While Spotify explained that the feature won’t require any immediate upfront costs, it’s because it will only be available in exchange for lowered royalty payments as they stated :

” Labels or rights holders agree to be paid a promotional recording royalty rate for streams in personalized listening sessions where we provided this service.” Furthermore, the press release adds that accepting these new terms “won’t guarantee placement to labels or artists. “

– Spotify

Spotify was already under fire from many artists who demand better remuneration per stream, and more recently from a petition initiated by the Union of Musicians and Allied Workers.

Founded in the United States last March, the UMAW appealed to the attention of Spotify by listing a whole series of concrete demands as compensation at 1 dollar by stream, “User centric payment system” (distribution of income based on actual listening to users), mention of all credits in the recordings and a greater transparency in the contracts that unite the record companies to the platform.

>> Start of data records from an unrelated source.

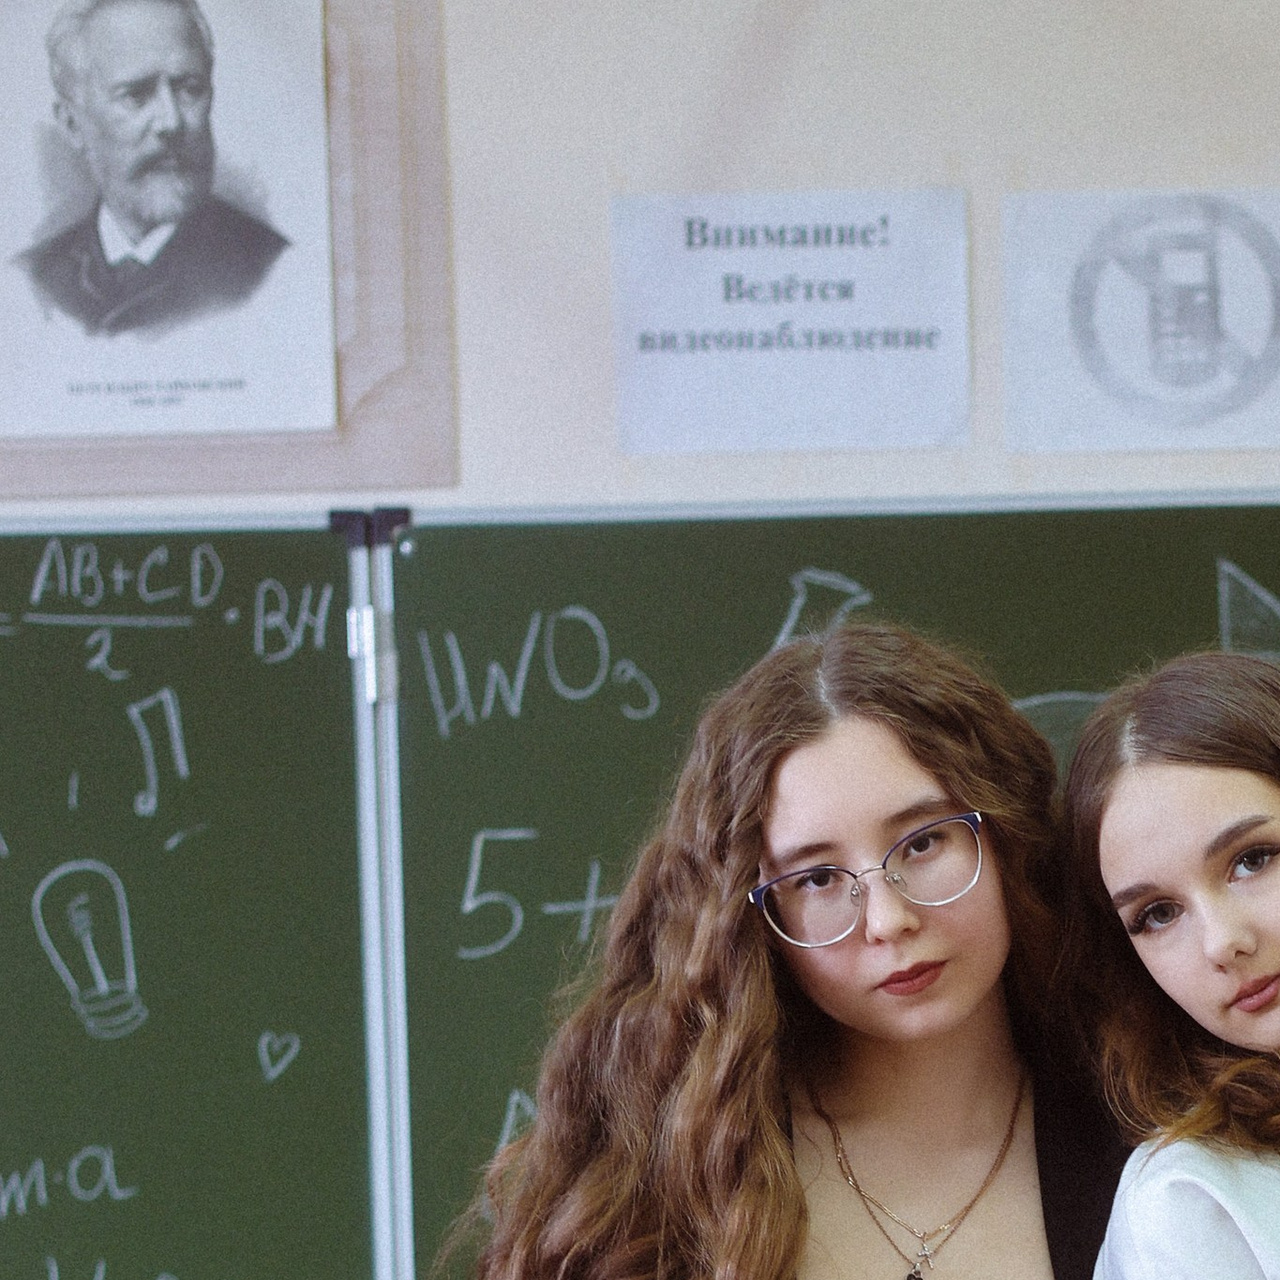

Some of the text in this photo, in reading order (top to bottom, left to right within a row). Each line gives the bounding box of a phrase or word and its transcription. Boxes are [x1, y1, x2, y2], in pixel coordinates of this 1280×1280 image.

[684, 214, 889, 249] Внимание!
[721, 271, 856, 303] Ведётся
[637, 320, 941, 353] видеонаблюдение
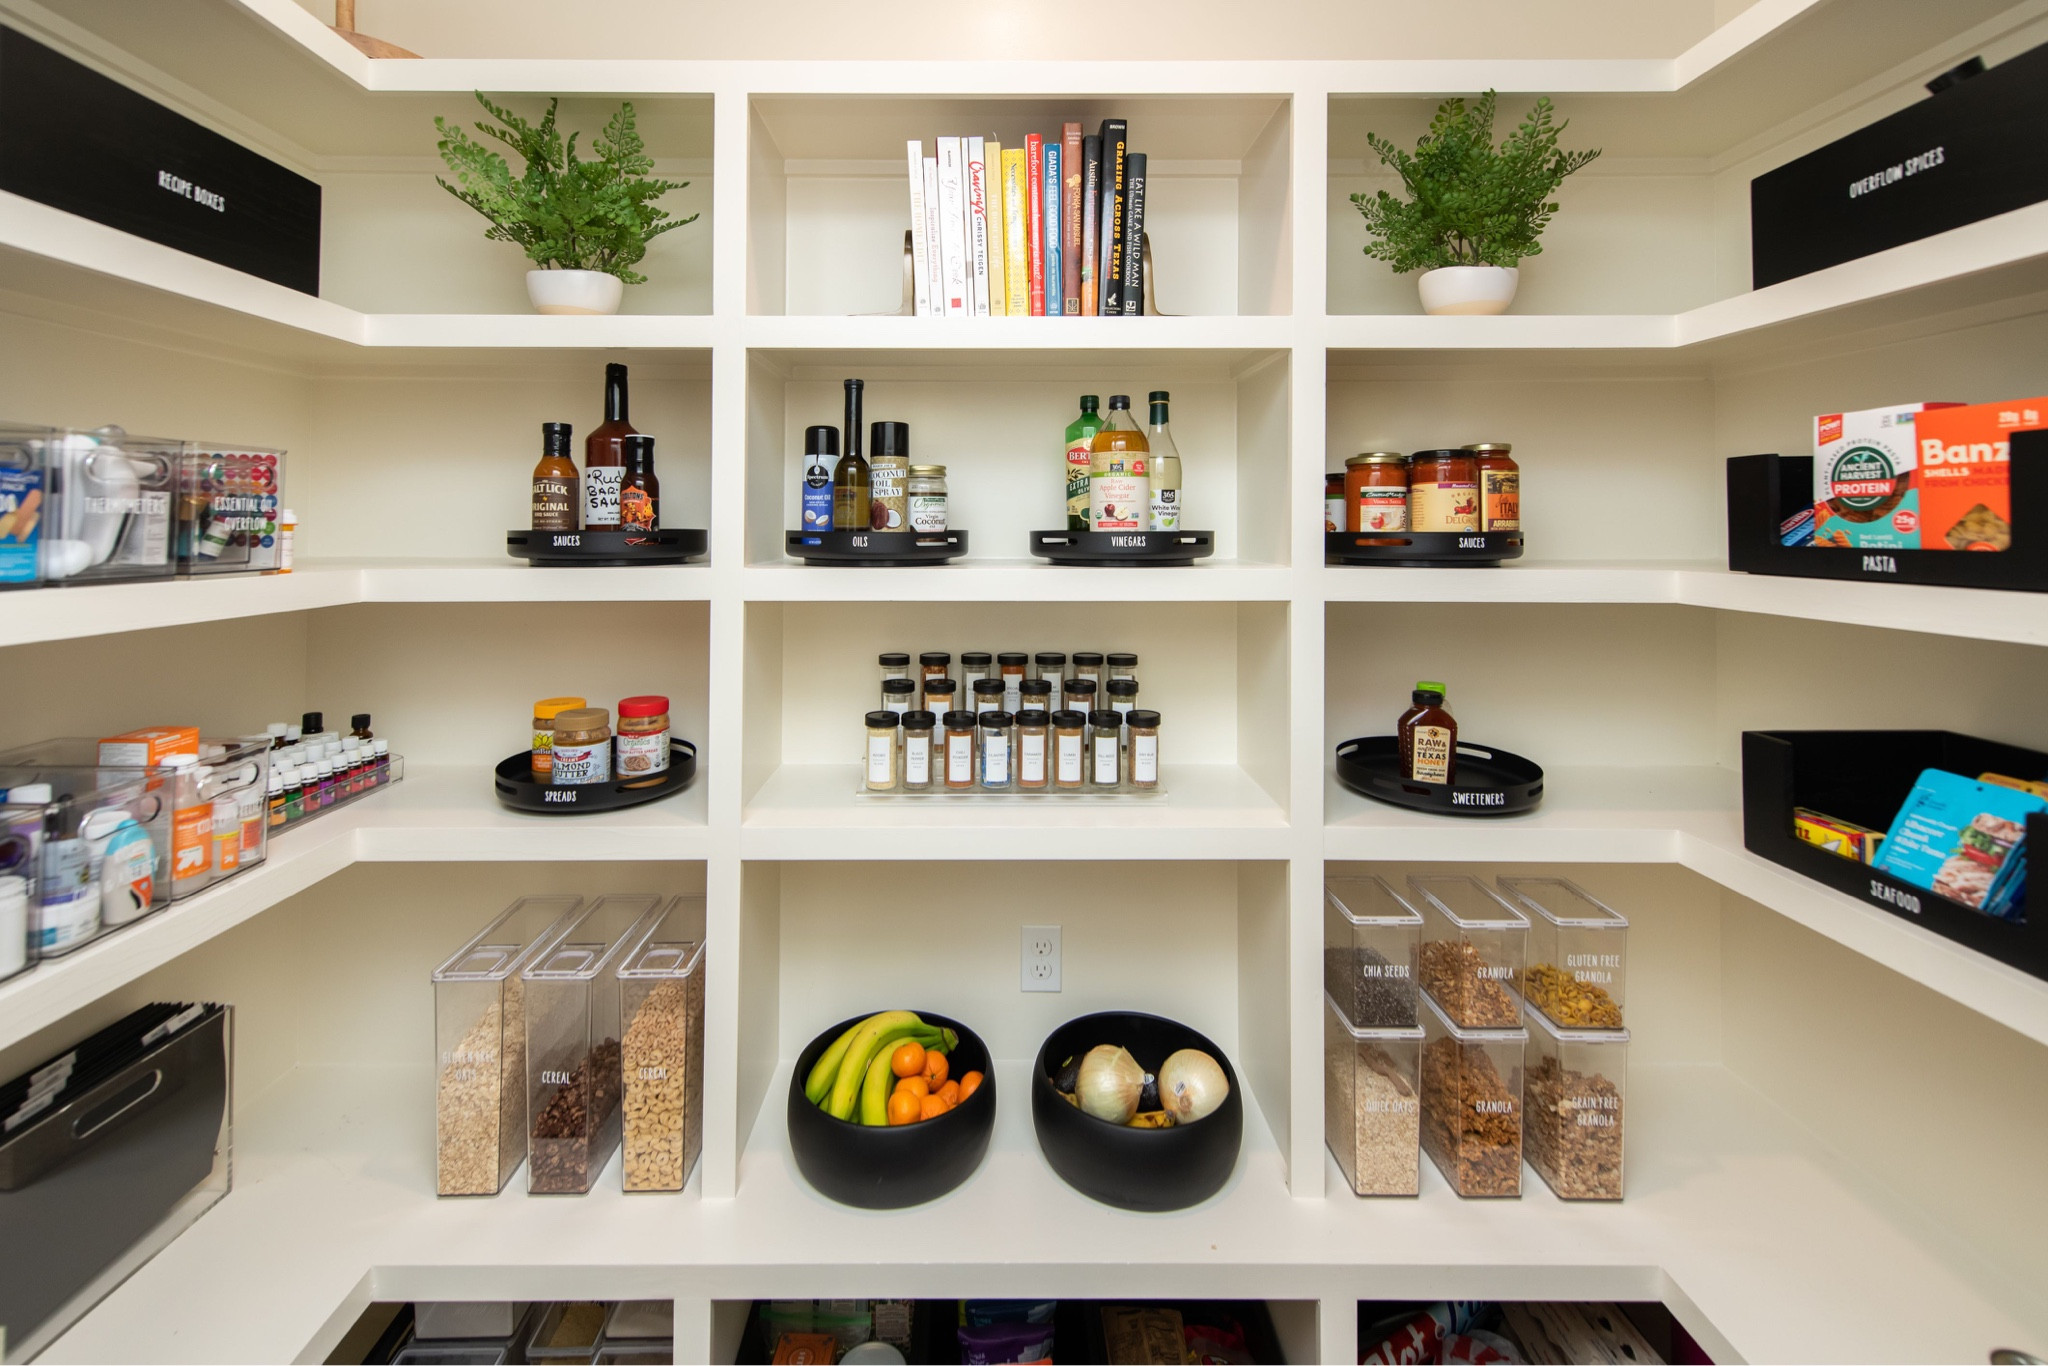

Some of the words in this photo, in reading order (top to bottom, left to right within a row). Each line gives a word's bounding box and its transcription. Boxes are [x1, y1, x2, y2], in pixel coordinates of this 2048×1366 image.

[1030, 141, 1040, 176] barefoot
[1048, 151, 1058, 184] GIADA'S
[1115, 141, 1124, 190] GRAZING
[1088, 159, 1098, 187] Austin
[1849, 163, 1904, 199] OVERFLOW
[1905, 146, 1945, 177] SPICES
[158, 170, 193, 199] RECIPE
[194, 186, 225, 213] BOXES
[968, 160, 987, 224] Cravings
[1135, 178, 1143, 196] EAT
[1048, 185, 1057, 203] FEEL
[1134, 199, 1142, 219] LIKE
[1048, 205, 1058, 227] GOOD
[1073, 210, 1081, 222] SAN
[1113, 194, 1123, 239] ACROSS
[1134, 223, 1142, 231] A
[1073, 223, 1081, 247] MIGUEL
[1132, 233, 1141, 259] WILD
[1112, 244, 1121, 280] TEXAS
[1033, 259, 1042, 279] that?
[1131, 263, 1140, 288] MAN
[1841, 461, 1882, 471] ANCIENT
[1924, 467, 1970, 478] SHELLS
[872, 470, 906, 479] OCONUT
[1840, 470, 1883, 480] HARVEST
[546, 483, 568, 496] LICK
[1069, 478, 1089, 492] EXTRA
[1834, 482, 1891, 494] PROTEIN
[874, 488, 901, 496] SPRAY
[84, 497, 169, 515] THERMOMETERS
[214, 497, 259, 512] ESSENTIAL
[260, 499, 275, 513] OIL
[532, 502, 569, 511] RIGINAL
[224, 517, 267, 532] OVERFLOW
[915, 517, 946, 525] Coconut
[553, 535, 580, 547] SAUCES
[852, 536, 868, 547] OILS
[1111, 536, 1146, 547] VINEGARS
[1458, 537, 1485, 548] SAUCES
[1862, 555, 1897, 573] PASTA
[1418, 738, 1442, 747] RAW
[1417, 752, 1446, 760] TEXAS
[1417, 758, 1446, 766] HONEY
[545, 790, 577, 802] SPREADS
[1452, 792, 1505, 806] SWEETENERS
[1869, 879, 1921, 914] SEAFOOD
[1567, 955, 1598, 967] GLUTEN
[1600, 955, 1621, 967] FREE
[1363, 965, 1383, 977] CHIA
[1385, 965, 1410, 977] SEEDS
[1477, 967, 1514, 979] GRANOLA
[1575, 970, 1613, 983] GRANOLA
[541, 1071, 570, 1084] CEREAL
[638, 1067, 667, 1080] CEREAL
[1393, 1101, 1414, 1113] OATS
[1475, 1101, 1512, 1113] GRANOLA
[1572, 1097, 1598, 1110] GRAIN
[1600, 1098, 1619, 1110] FREE
[1577, 1114, 1614, 1127] GRANOLA

” Music workers create all of the enormous wealth Spotify accumulates for its CEO, its investors, and the major labels. But we artists continue to be underpaid, misled, and otherwise exploited by the company. As Spotify’s valuation soars, we have seen no increase in our streaming payments.

The company’s closed-door contracts and payola schemes ensure that only musicians already on top with extensive resources can succeed on the platform.

As COVID 19 economically devastates music workers everywhere, it’s even clearer that Spotify’s existing model is counter to the needs of the vast majority of artists. “

– Union of Musicians and Allied Workers

 

The curation issue

But beyond this new service, there is the curation issue. While we have never had access to so much music online, we have never listened to the same music so much as shown into our article Only 1% of artists represent 90% of listenings on streaming plateforms.

Despite a diagram (see below) supposed to present the decision biases of the algorithm, it can be worrying to think about the effects of this option on the quality and relevance of the tracks suggested through “Personalized Recommendations” & therefore the consequences in terms of curation on the platform.

 

Spotify Personalized Recommandations diagram. 2020 – Credits : Spotify

Will this increase the number of songs listened to on the platform? And thus open people up to more new music or – on the contrary, will it lock listeners in a bubble by only suggesting songs that are supposed to please them without diversifying the results? Impossible to say !

But the arrival of a promotional tool misrepresented as a “personalized recommendation” adds further confusion to people. Because no one today knows how Spotify’s algorithm works :

” This might sound complicated—and it is! Our personalized recommendations take into account thousands of types of signals: what you’re listening to and when, which songs you’re adding to your playlists, the listening habits of people who have similar tastes, and much more.

In order to create algorithms that truly deliver the right song for the right time, we’re also taking into account less obvious factors: things like time of day, or the order in which you’re listening to songs or podcasts, or the release date of a song. “

– Spotify

For the moment it’s impossible to say whether this new option offered by the streamin platform will be a real effective promotion tool for artists & labels or simply a biased system dedicated to lowering the royalties paid by the Swedish giant.